◆ What is required ◆
Repeat each entry exactly and drop the pictures.
##### Given information #####
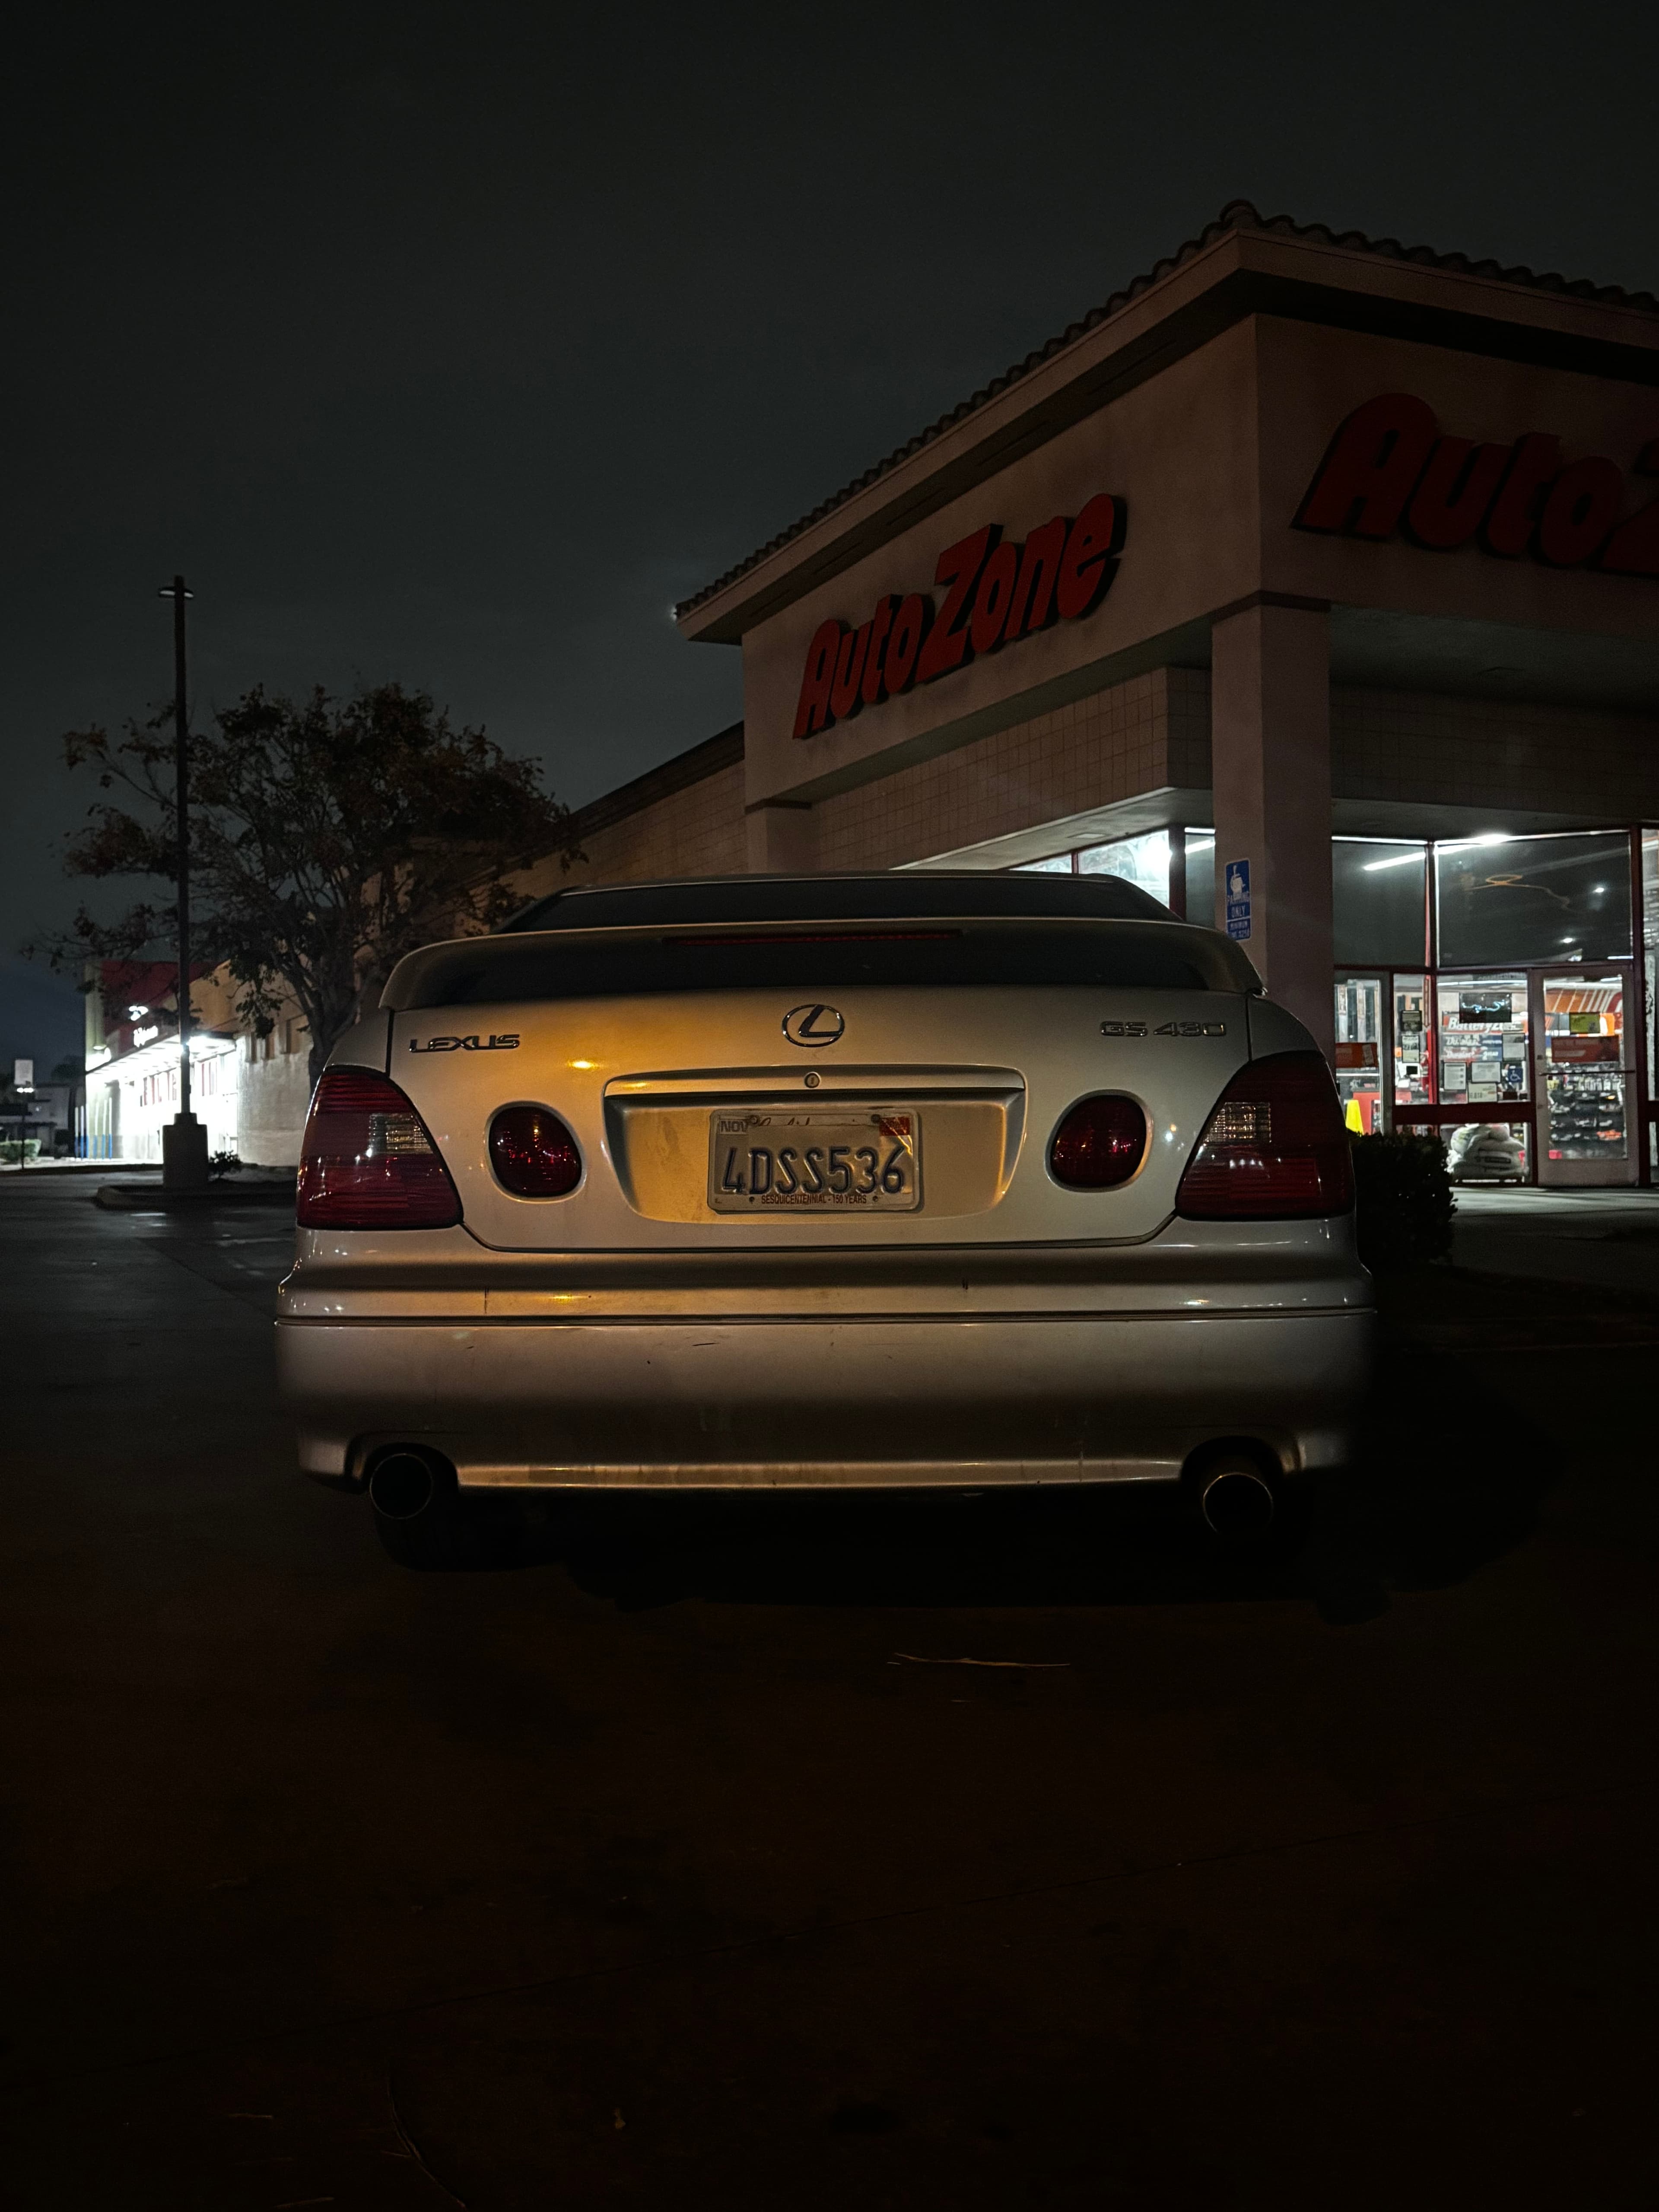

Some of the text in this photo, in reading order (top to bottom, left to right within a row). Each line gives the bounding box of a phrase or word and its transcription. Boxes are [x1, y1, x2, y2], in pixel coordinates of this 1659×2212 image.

[793, 493, 1125, 740] AutoZone
[1231, 905, 1246, 918] ONLY
[1100, 1021, 1226, 1036] GS 430
[409, 1034, 520, 1053] LEXUS
[720, 1120, 748, 1133] NOV
[721, 1146, 905, 1194] 4DSS536
[761, 1193, 826, 1205] SESQUICENTENNIAL
[833, 1194, 842, 1204] 150
[845, 1194, 867, 1204] YEARS
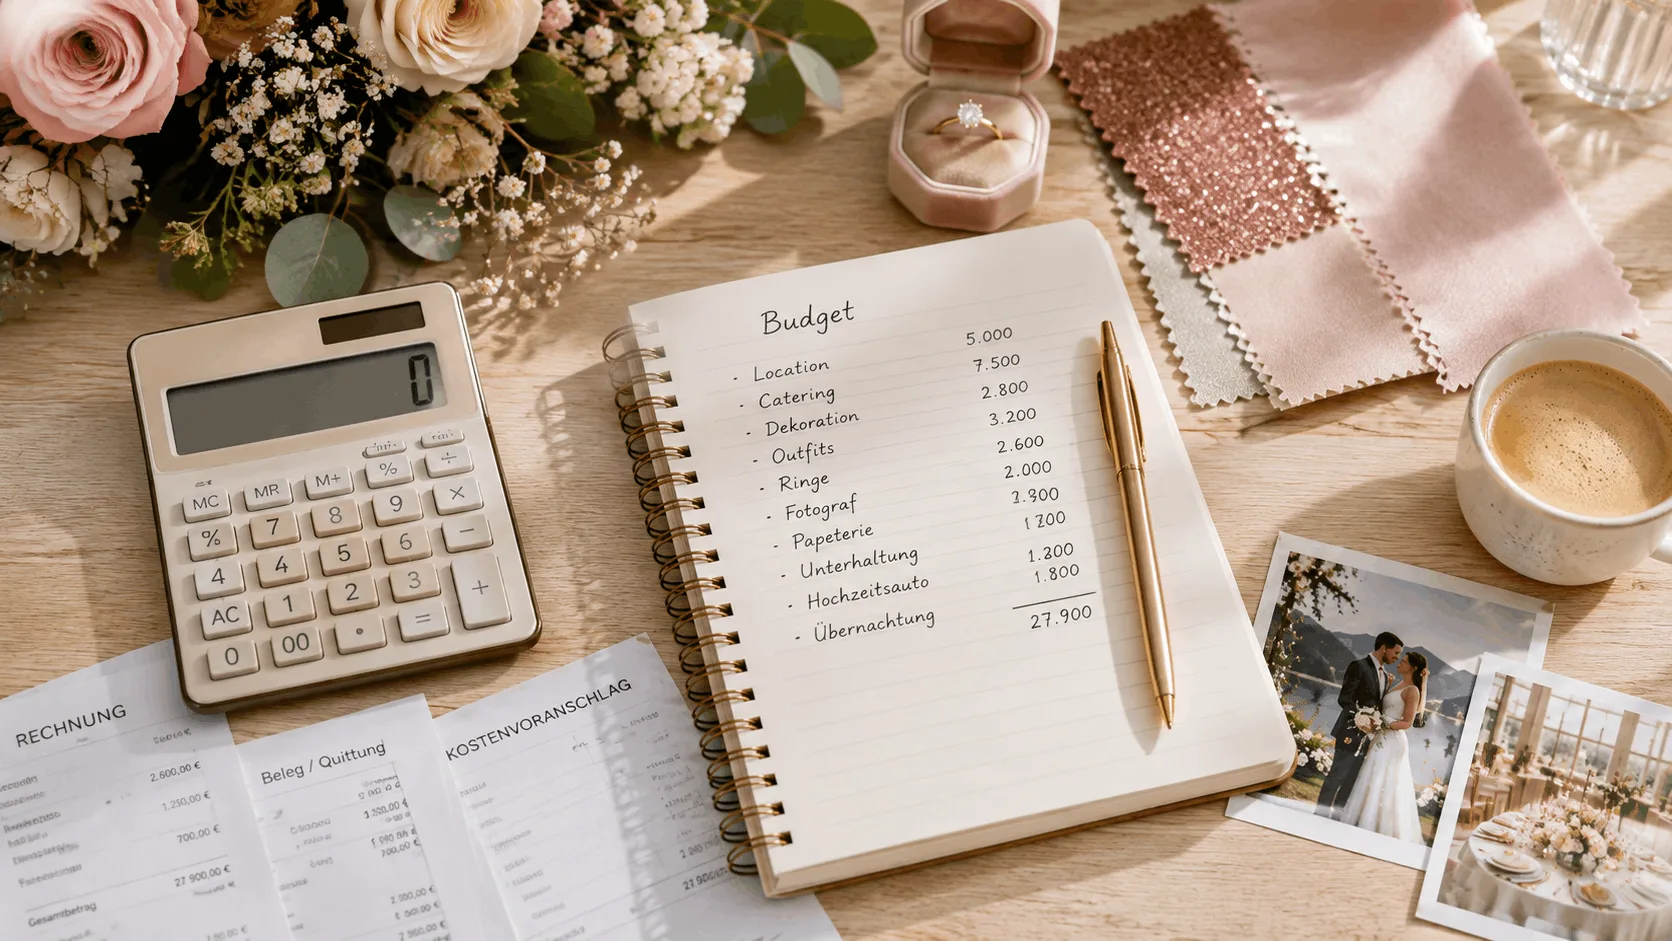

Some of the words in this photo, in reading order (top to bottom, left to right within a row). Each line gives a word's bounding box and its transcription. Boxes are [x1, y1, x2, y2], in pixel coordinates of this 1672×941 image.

[761, 301, 854, 334] Budget
[967, 327, 1012, 345] 5.000
[755, 361, 829, 381] Location
[973, 354, 1020, 372] 7.500
[408, 353, 434, 406] 0
[759, 389, 834, 408] Catering
[982, 381, 1028, 399] 2.800
[766, 412, 859, 436] Dekoration
[990, 408, 1036, 426] 3.200
[772, 442, 835, 464] Outfits
[998, 436, 1043, 453] 2.600
[1005, 461, 1051, 478] 2.000
[315, 473, 341, 488] M+
[779, 473, 829, 493] Ringe
[253, 483, 280, 499] MR
[192, 494, 220, 511] MC
[389, 495, 403, 513] 9
[786, 493, 857, 521] Fotograf
[328, 506, 343, 524] 8
[266, 517, 279, 536] 7
[399, 532, 413, 551] 6
[792, 523, 874, 552] Papeterie
[337, 543, 351, 562] 5
[275, 555, 289, 573] 4
[800, 547, 919, 579] Unterhaltung
[211, 567, 226, 585] 4
[407, 571, 422, 589] 3
[1035, 564, 1079, 582] 1.800
[344, 582, 360, 602] 2
[807, 575, 929, 610] Hochzeitsauto
[282, 594, 293, 613] 1
[211, 605, 240, 626] AC
[1030, 604, 1092, 630] 27.900
[814, 610, 935, 642] Übernachtung
[281, 632, 310, 654] 00
[224, 647, 240, 666] 0
[15, 704, 127, 748] RECHNUNG
[445, 678, 632, 761] KOSTENVORANSCHLAG
[260, 765, 305, 785] Beleg
[309, 758, 314, 773] /
[318, 743, 386, 768] Quittung
[176, 827, 211, 844] 700,00
[28, 902, 97, 928] Gesamtbetrag
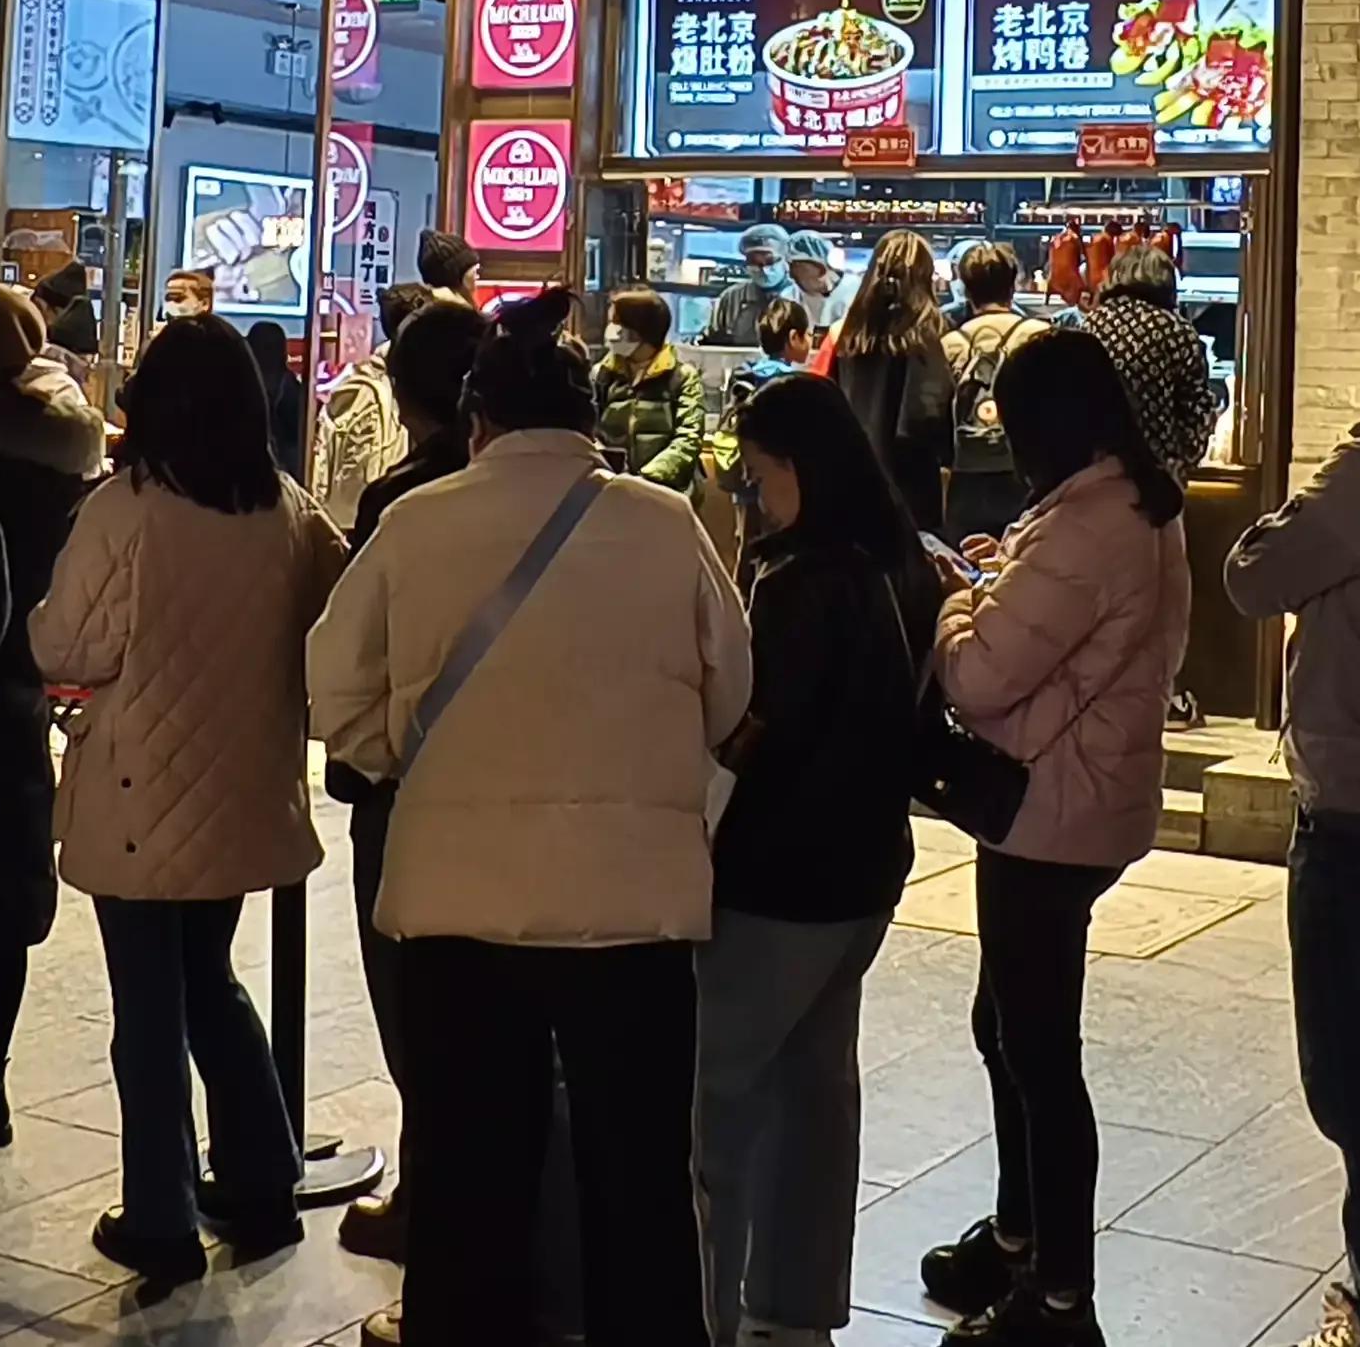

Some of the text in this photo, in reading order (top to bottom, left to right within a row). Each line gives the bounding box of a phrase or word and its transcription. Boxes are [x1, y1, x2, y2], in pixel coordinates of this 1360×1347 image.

[671, 10, 757, 44] 老北京
[992, 1, 1091, 37] 老北京
[991, 36, 1091, 71] 烤鸭卷
#####
◆ Output for this exercise ◆
Some of the text in this photo, in reading order (top to bottom, left to right within a row). Each line gives the bounding box of a phrase or word and its transcription. Boxes are [x1, y1, x2, y2], in pixel coordinates of this 1659×2212 image.

[793, 493, 1125, 740] AutoZone
[1231, 905, 1246, 918] ONLY
[1100, 1021, 1226, 1036] GS 430
[409, 1034, 520, 1053] LEXUS
[720, 1120, 748, 1133] NOV
[721, 1146, 905, 1194] 4DSS536
[761, 1193, 826, 1205] SESQUICENTENNIAL
[833, 1194, 842, 1204] 150
[845, 1194, 867, 1204] YEARS

Some of the words in this photo, in reading order (top to bottom, left to right within a row). Each line gives a word's bounding box and its transcription. Boxes are [x1, y1, x2, y2], in pixel coordinates of this 1672×941 image.

[761, 301, 854, 334] Budget
[967, 327, 1012, 345] 5.000
[755, 361, 829, 381] Location
[973, 354, 1020, 372] 7.500
[408, 353, 434, 406] 0
[759, 389, 834, 408] Catering
[982, 381, 1028, 399] 2.800
[766, 412, 859, 436] Dekoration
[990, 408, 1036, 426] 3.200
[772, 442, 835, 464] Outfits
[998, 436, 1043, 453] 2.600
[1005, 461, 1051, 478] 2.000
[315, 473, 341, 488] M+
[779, 473, 829, 493] Ringe
[253, 483, 280, 499] MR
[192, 494, 220, 511] MC
[389, 495, 403, 513] 9
[786, 493, 857, 521] Fotograf
[328, 506, 343, 524] 8
[266, 517, 279, 536] 7
[399, 532, 413, 551] 6
[792, 523, 874, 552] Papeterie
[337, 543, 351, 562] 5
[275, 555, 289, 573] 4
[800, 547, 919, 579] Unterhaltung
[211, 567, 226, 585] 4
[407, 571, 422, 589] 3
[1035, 564, 1079, 582] 1.800
[344, 582, 360, 602] 2
[807, 575, 929, 610] Hochzeitsauto
[282, 594, 293, 613] 1
[211, 605, 240, 626] AC
[1030, 604, 1092, 630] 27.900
[814, 610, 935, 642] Übernachtung
[281, 632, 310, 654] 00
[224, 647, 240, 666] 0
[15, 704, 127, 748] RECHNUNG
[445, 678, 632, 761] KOSTENVORANSCHLAG
[260, 765, 305, 785] Beleg
[309, 758, 314, 773] /
[318, 743, 386, 768] Quittung
[176, 827, 211, 844] 700,00
[28, 902, 97, 928] Gesamtbetrag

Some of the text in this photo, in reading order (top to bottom, left to right within a row). Each line gives the bounding box of a phrase or word and its transcription. Boxes are [x1, y1, x2, y2], in pixel coordinates of this 1360×1347 image.

[671, 10, 757, 44] 老北京
[992, 1, 1091, 37] 老北京
[991, 36, 1091, 71] 烤鸭卷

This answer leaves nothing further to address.